• What you are asked to do
Go through the records and transcribe them exactly, passing over any picture.

Saved data entries
------------------------

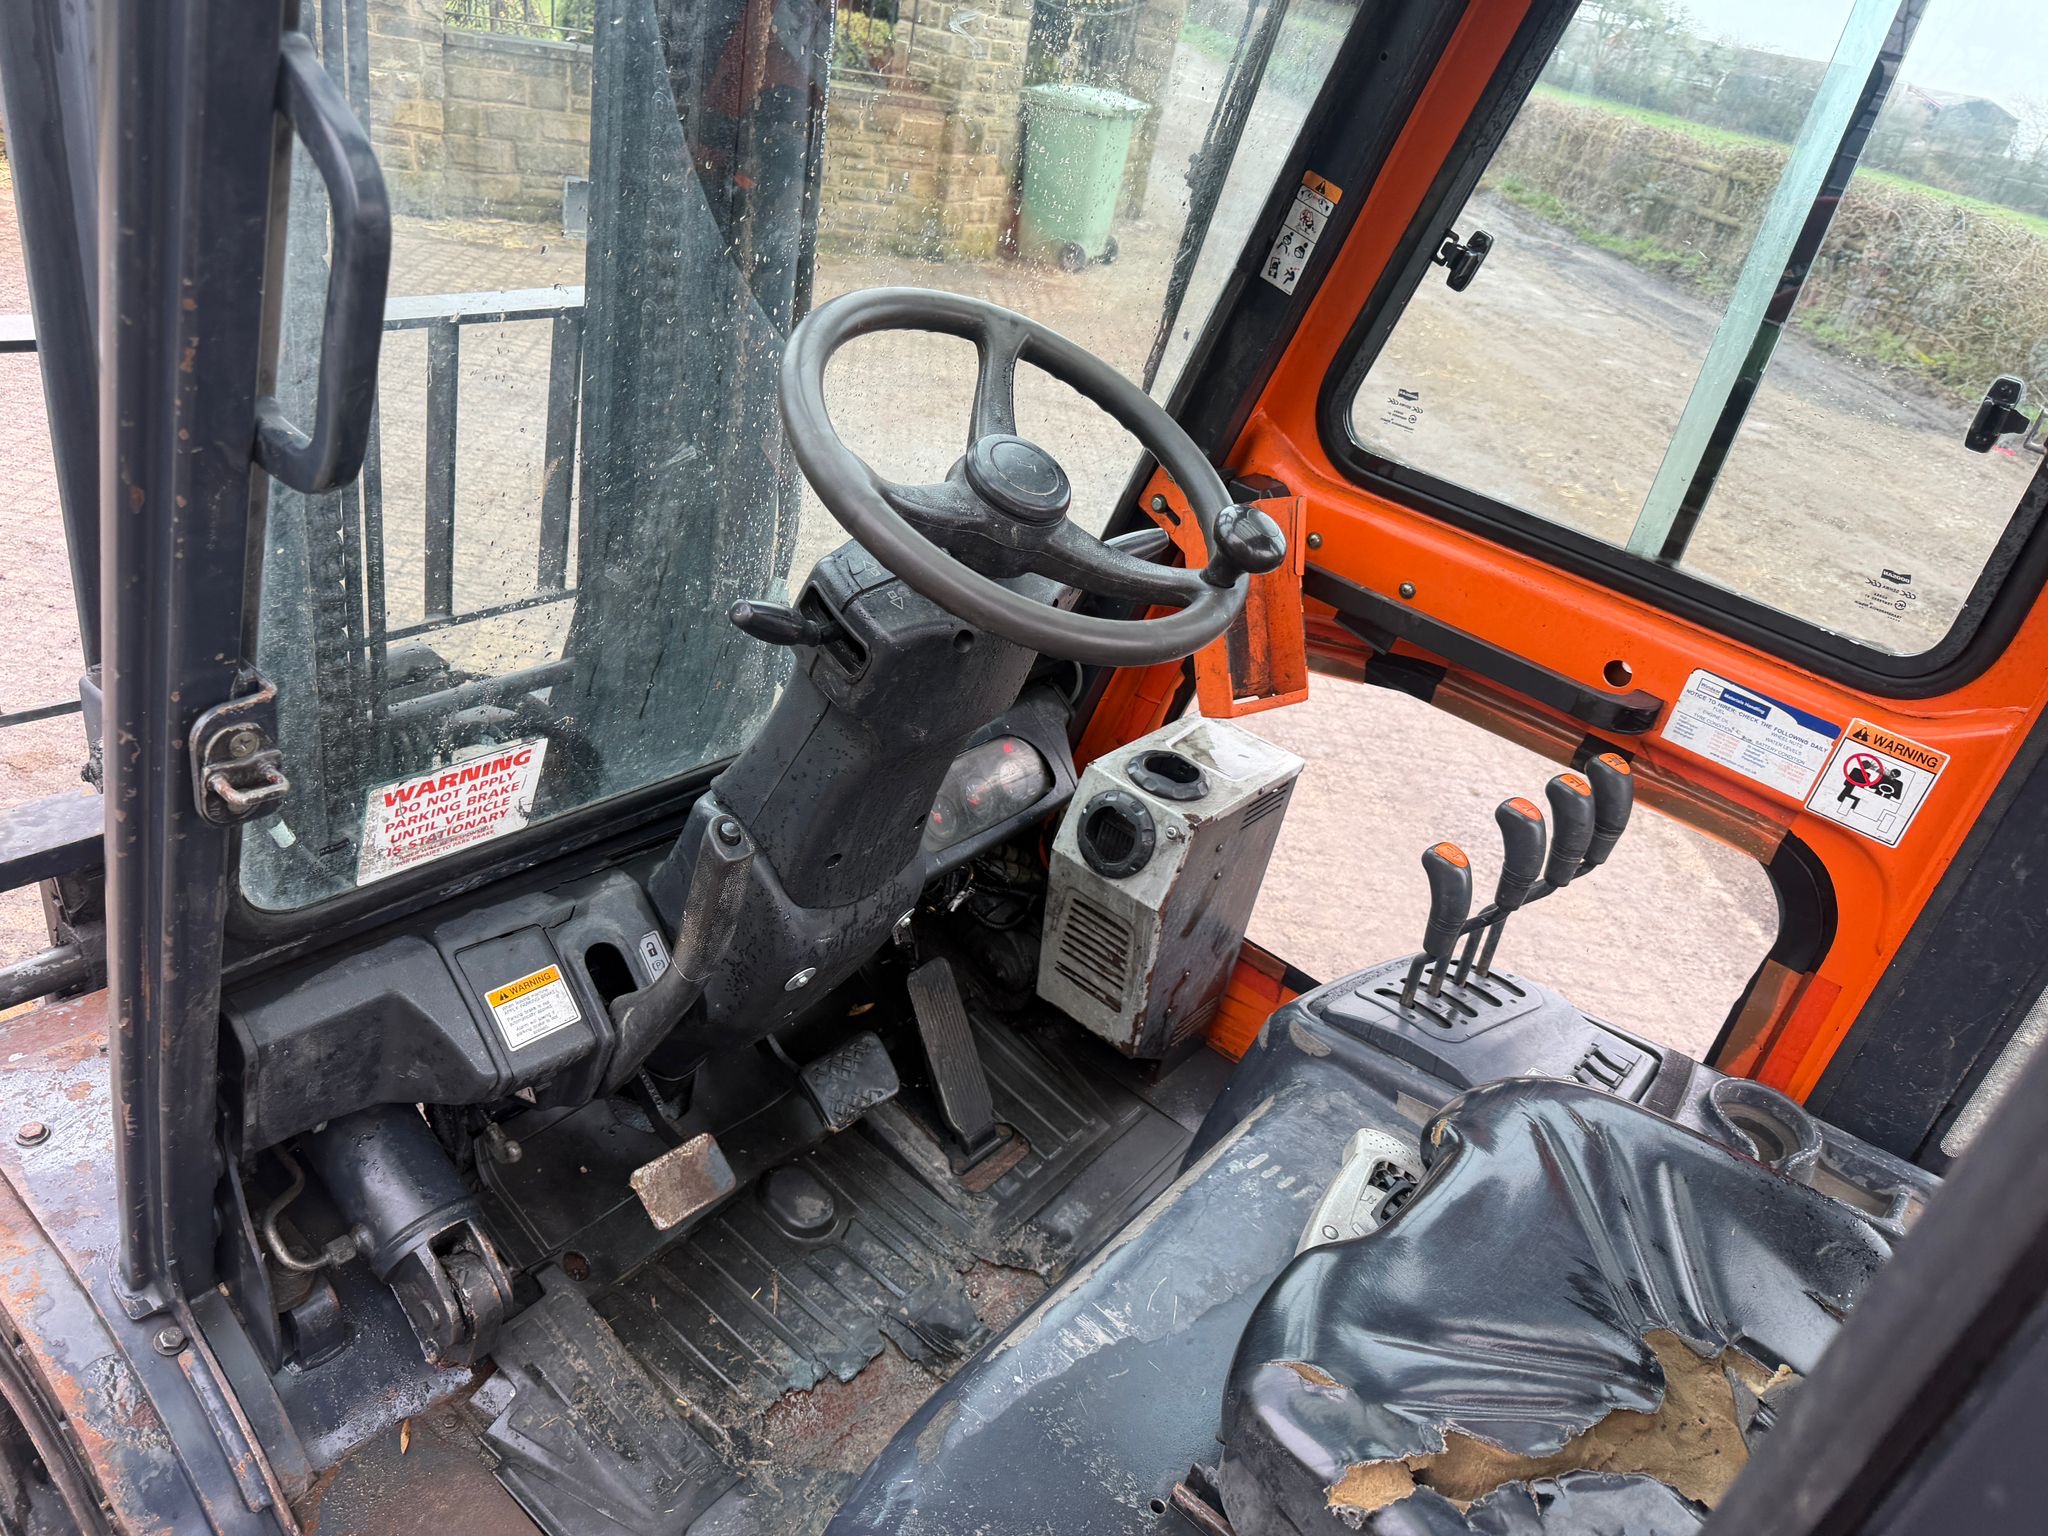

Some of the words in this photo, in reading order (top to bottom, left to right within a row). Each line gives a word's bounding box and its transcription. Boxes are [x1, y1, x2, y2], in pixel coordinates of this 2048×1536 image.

[1702, 710, 1720, 719] ENGINE
[1713, 707, 1725, 715] FUEL
[1744, 702, 1765, 715] Handling
[1686, 689, 1707, 700] NOTICE
[1739, 711, 1759, 723] CHECK
[1760, 721, 1773, 730] THE
[1774, 727, 1809, 746] FOLLOWING
[1810, 742, 1828, 753] DAILY
[1706, 718, 1733, 733] CONDITION
[1755, 740, 1777, 753] BATTERY
[1778, 750, 1806, 765] CONDITION
[1765, 737, 1783, 748] WATER
[1783, 744, 1803, 756] LEVELS
[1771, 732, 1788, 742] WHEEL
[1789, 739, 1803, 749] NUTS
[1873, 734, 1939, 769] WARNING
[383, 749, 532, 808] WARNING
[394, 801, 421, 818] DO
[426, 788, 462, 807] NOT
[466, 770, 517, 794] APPLY
[384, 800, 461, 833] PARKING
[466, 781, 520, 806] BRAKE
[386, 845, 402, 857] IS
[408, 808, 510, 851] STATIONARY
[390, 820, 439, 844] UNTIL
[445, 797, 511, 825] VEHICLE
[452, 838, 470, 847] PARK
[508, 972, 552, 996] WARNING
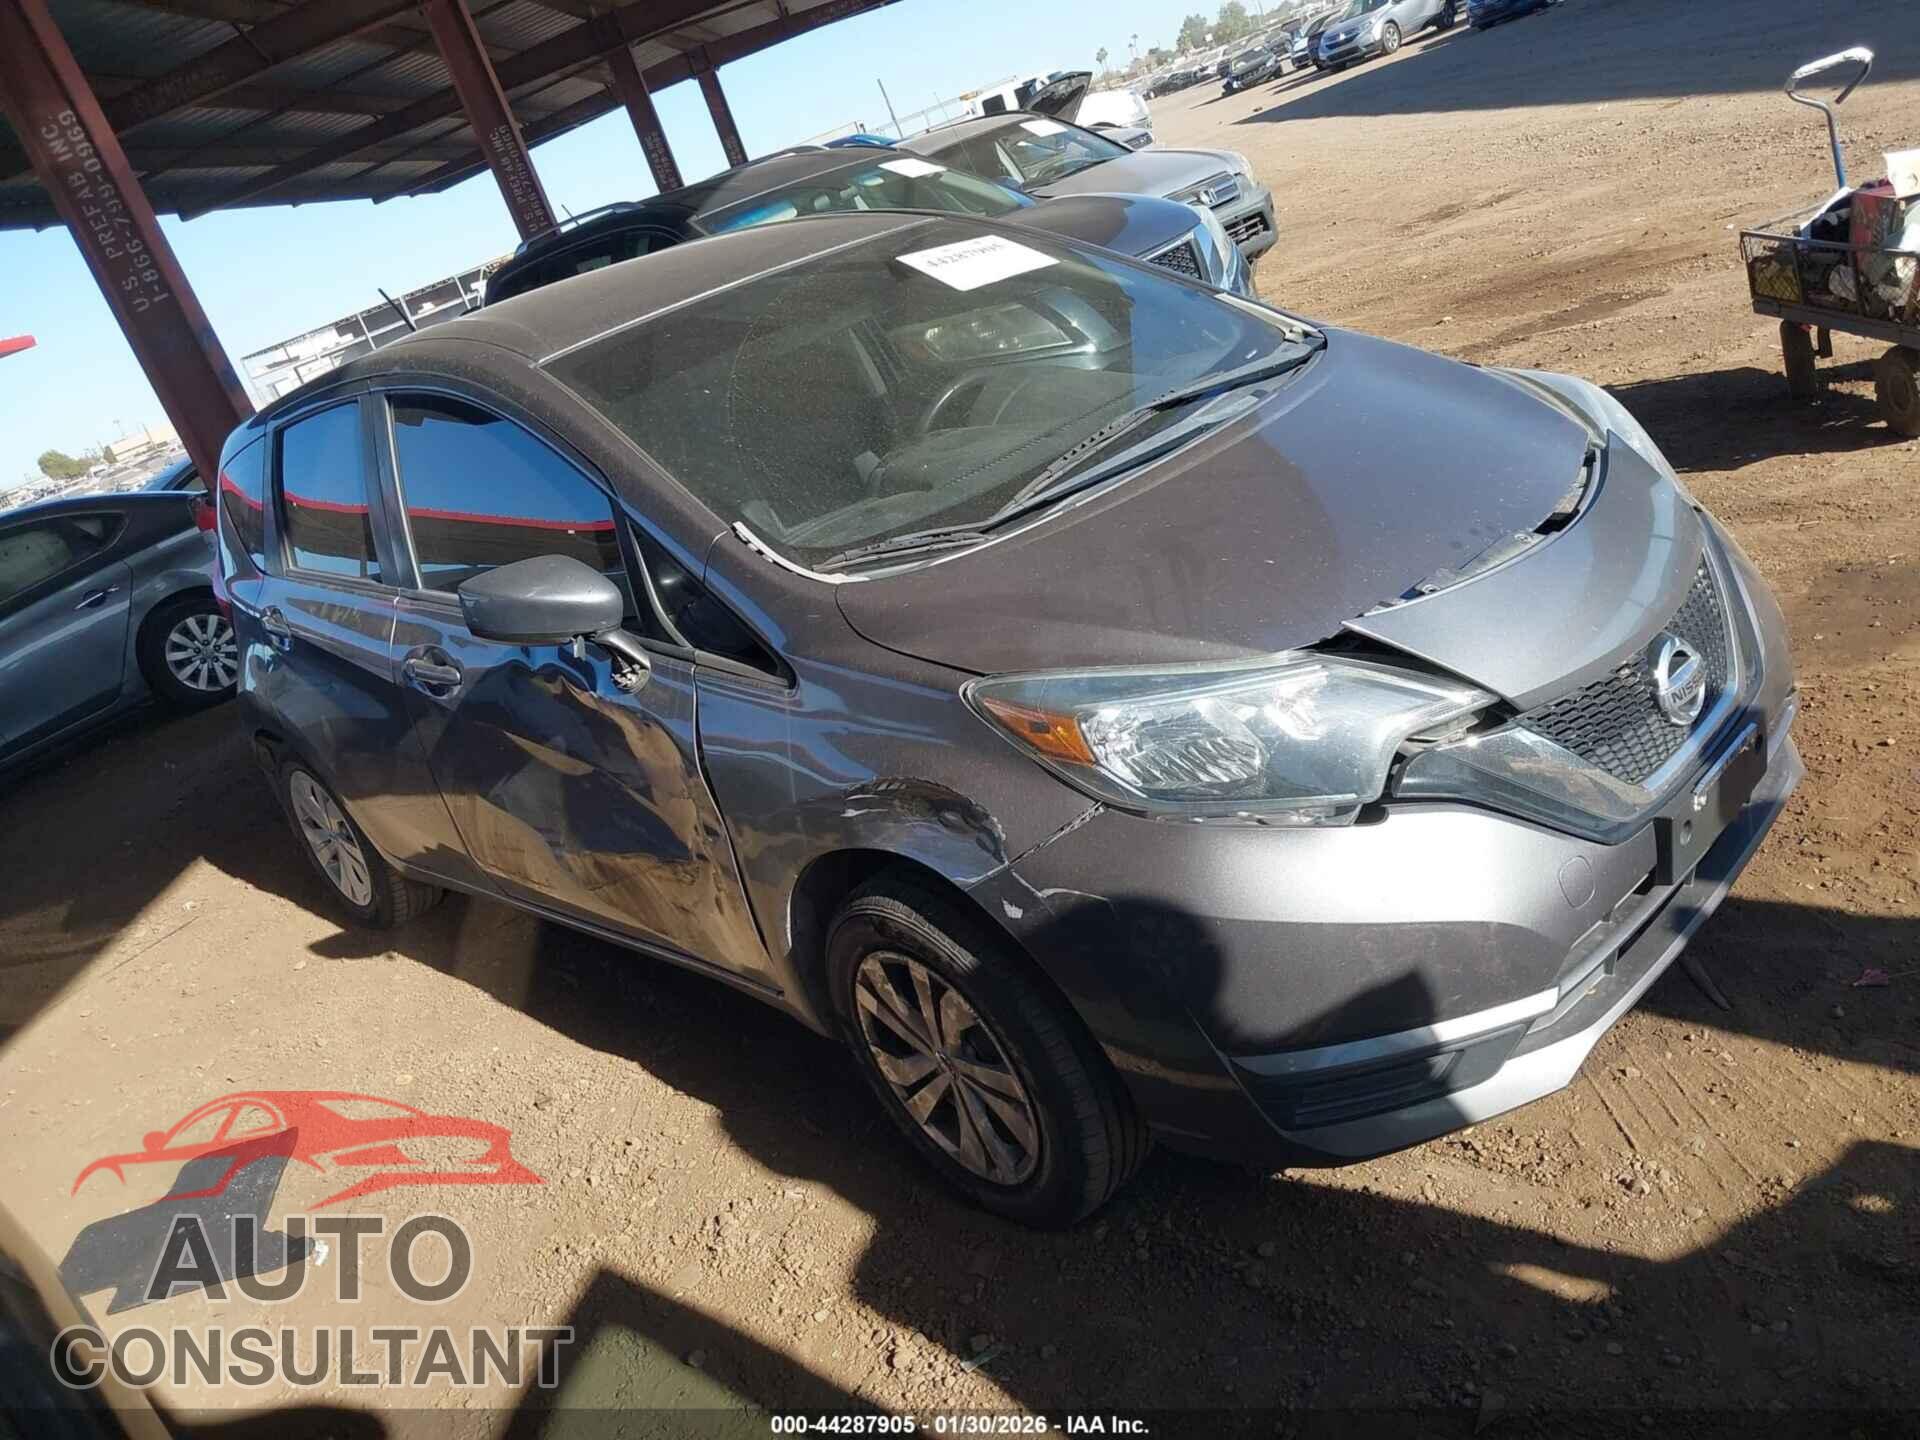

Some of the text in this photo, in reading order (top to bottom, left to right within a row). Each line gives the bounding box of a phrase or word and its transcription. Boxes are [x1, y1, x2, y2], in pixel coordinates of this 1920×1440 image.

------------------------

• Finished task
Some of the words in this photo, in reading order (top to bottom, left to right within a row). Each line gives a word's bounding box and its transcription. Boxes are [x1, y1, x2, y2], in pixel coordinates of this 2048×1536 image.

[1702, 710, 1720, 719] ENGINE
[1713, 707, 1725, 715] FUEL
[1744, 702, 1765, 715] Handling
[1686, 689, 1707, 700] NOTICE
[1739, 711, 1759, 723] CHECK
[1760, 721, 1773, 730] THE
[1774, 727, 1809, 746] FOLLOWING
[1810, 742, 1828, 753] DAILY
[1706, 718, 1733, 733] CONDITION
[1755, 740, 1777, 753] BATTERY
[1778, 750, 1806, 765] CONDITION
[1765, 737, 1783, 748] WATER
[1783, 744, 1803, 756] LEVELS
[1771, 732, 1788, 742] WHEEL
[1789, 739, 1803, 749] NUTS
[1873, 734, 1939, 769] WARNING
[383, 749, 532, 808] WARNING
[394, 801, 421, 818] DO
[426, 788, 462, 807] NOT
[466, 770, 517, 794] APPLY
[384, 800, 461, 833] PARKING
[466, 781, 520, 806] BRAKE
[386, 845, 402, 857] IS
[408, 808, 510, 851] STATIONARY
[390, 820, 439, 844] UNTIL
[445, 797, 511, 825] VEHICLE
[452, 838, 470, 847] PARK
[508, 972, 552, 996] WARNING

Some of the text in this photo, in reading order (top to bottom, left to right within a row). Each line gives the bounding box of a phrase or word and its transcription. Boxes are [x1, y1, x2, y2], in pixel coordinates of this 1920×1440 image.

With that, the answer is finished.